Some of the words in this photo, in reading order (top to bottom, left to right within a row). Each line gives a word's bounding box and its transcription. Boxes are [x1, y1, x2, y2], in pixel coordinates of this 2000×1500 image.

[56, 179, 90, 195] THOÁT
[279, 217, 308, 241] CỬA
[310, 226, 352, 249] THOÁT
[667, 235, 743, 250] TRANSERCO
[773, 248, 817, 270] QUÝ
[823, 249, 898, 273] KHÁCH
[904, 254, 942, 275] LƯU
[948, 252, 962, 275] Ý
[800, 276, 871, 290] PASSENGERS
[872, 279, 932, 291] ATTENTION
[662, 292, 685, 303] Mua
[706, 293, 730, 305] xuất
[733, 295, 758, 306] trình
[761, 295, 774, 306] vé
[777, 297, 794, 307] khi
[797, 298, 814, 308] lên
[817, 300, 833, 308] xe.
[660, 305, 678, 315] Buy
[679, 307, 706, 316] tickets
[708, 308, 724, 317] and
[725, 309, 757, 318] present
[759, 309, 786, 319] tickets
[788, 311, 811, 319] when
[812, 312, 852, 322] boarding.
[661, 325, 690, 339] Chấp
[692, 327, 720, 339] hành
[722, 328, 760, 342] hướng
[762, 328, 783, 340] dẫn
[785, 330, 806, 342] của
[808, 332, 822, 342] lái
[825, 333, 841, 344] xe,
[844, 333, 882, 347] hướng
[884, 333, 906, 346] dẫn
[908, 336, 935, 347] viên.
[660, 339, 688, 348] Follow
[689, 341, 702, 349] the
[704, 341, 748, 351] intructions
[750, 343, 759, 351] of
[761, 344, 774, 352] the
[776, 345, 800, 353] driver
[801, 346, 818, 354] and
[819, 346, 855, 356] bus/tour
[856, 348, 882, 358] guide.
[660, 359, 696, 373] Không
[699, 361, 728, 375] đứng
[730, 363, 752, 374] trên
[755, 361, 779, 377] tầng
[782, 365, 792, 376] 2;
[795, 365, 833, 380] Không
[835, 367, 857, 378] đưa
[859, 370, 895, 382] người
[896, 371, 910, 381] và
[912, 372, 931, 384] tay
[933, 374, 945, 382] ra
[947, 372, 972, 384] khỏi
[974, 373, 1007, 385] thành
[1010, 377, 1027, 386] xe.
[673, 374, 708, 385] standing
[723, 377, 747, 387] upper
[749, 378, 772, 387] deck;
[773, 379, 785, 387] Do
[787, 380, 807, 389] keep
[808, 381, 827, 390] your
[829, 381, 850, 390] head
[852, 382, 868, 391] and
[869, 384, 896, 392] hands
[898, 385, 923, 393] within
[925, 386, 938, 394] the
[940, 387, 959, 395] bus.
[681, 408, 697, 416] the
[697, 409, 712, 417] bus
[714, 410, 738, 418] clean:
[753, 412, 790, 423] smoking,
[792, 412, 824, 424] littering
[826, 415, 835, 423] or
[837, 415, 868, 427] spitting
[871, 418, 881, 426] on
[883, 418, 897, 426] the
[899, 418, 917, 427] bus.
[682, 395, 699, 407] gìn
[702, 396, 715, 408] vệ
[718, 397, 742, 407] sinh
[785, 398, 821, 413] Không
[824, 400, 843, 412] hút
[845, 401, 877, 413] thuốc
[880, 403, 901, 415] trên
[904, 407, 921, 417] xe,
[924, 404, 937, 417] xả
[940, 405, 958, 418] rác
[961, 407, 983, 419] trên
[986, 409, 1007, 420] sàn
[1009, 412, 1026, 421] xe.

# # # #

If a line in the entries above has the word "tickets", copy it.

**Written response:**
[679, 307, 706, 316] tickets
[759, 309, 786, 319] tickets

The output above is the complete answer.